Parallèlement, pour un autre courant, le “ réalisme ” sera le plus court chemin vers la poésie. Plus sensibles aux problèmes sociaux et politiques, ces cinéastes réaliseront quelques œuvres marquantes : Rien que les heures d’Alberto Cavalcanti (1926), La Zone de Georges Lacombe (1928) et, surtout, À propos de Nice de Jean Vigo (1930).

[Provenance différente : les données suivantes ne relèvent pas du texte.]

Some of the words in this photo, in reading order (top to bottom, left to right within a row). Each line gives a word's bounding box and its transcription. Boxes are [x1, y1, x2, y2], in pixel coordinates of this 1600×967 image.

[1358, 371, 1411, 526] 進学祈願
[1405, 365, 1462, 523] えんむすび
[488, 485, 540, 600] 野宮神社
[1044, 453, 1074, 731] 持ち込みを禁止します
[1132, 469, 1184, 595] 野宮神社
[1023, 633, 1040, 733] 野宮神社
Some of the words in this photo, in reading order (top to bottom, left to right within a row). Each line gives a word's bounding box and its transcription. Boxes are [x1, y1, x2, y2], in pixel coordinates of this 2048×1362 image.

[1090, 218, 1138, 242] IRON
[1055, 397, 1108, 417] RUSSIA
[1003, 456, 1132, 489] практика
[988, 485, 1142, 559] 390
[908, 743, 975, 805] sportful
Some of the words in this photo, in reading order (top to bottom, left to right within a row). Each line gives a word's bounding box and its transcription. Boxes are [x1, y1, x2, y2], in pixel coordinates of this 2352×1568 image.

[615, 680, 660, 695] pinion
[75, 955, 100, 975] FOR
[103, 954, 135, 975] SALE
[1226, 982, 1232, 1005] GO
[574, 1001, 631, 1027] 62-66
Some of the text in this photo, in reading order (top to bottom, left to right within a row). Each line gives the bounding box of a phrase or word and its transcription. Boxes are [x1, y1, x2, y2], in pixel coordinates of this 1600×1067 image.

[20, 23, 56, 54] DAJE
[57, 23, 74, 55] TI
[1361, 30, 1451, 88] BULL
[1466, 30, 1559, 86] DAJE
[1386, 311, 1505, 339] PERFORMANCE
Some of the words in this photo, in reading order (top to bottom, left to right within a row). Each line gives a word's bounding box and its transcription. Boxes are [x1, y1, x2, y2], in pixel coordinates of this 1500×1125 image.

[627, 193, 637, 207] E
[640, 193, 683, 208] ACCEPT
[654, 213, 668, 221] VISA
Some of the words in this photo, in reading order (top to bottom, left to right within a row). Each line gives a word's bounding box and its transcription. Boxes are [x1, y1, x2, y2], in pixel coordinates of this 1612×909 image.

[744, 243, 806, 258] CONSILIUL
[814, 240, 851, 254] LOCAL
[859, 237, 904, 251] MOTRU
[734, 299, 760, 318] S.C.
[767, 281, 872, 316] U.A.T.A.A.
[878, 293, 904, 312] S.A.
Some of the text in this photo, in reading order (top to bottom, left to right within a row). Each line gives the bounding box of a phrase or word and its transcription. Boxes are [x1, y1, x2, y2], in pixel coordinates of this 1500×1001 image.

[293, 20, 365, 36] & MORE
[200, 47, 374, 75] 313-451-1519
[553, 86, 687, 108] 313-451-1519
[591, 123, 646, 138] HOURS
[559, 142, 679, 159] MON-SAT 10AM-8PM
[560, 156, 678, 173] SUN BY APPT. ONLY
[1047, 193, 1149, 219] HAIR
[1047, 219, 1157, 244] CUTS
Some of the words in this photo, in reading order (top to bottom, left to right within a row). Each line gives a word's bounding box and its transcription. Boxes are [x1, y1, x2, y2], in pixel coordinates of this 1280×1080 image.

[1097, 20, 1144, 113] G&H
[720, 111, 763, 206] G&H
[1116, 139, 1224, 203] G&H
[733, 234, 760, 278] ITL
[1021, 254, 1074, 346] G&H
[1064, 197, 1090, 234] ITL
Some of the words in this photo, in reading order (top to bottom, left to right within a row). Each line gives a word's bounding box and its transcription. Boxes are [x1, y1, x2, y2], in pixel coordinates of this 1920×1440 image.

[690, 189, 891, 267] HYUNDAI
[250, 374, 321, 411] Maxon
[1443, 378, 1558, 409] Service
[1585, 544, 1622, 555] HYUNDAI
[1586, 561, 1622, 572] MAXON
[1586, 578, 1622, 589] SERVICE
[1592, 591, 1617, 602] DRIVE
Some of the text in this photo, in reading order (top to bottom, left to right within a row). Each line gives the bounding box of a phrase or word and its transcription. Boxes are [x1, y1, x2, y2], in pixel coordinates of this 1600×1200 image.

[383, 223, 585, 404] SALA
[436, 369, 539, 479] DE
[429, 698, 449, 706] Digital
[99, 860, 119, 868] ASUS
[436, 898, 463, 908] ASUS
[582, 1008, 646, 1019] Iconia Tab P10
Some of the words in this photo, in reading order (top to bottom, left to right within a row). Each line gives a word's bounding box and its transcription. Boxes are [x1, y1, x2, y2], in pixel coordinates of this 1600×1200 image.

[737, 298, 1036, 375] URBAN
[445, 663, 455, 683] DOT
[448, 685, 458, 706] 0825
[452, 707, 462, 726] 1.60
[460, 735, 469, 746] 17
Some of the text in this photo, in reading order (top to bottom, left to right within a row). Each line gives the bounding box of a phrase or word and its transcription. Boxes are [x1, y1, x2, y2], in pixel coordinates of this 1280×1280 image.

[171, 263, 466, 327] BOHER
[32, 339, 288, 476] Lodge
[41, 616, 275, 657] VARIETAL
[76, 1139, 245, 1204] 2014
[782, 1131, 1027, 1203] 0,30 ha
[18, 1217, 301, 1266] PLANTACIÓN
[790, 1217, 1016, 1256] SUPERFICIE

Les Premières parties (1931-1940)
Le court métrage se réduit à cette époque à des premières parties, avant l’entracte, qui participent davantage d’un comique troupier volontiers égrillard que de l’art cinématographque. Des exceptions, cependant, comme l’admirable court métrage de Jean Renoir : Une Partie de campagne (1936).

Le Renouveau (1940-1953)
De nouvelles lois et le développement des réseaux de ciné-clubs vont favoriser un retour aux recherches des années 20 : films esthétiques (Images pour Debussy ou Pacific 231 de Jean Mitry), films “ engagés ” (Aubervilliers de Eli Lotar, Hôtel des Invalides de Georges Franju), des films d’art (Guernica de Alain Resnais, Les Charmes de l’existence de Jean Grémillon)… C’est en 1950 que Jean Genet réalise son unique film, interdit pendant près de 25 ans : Chant d’amour.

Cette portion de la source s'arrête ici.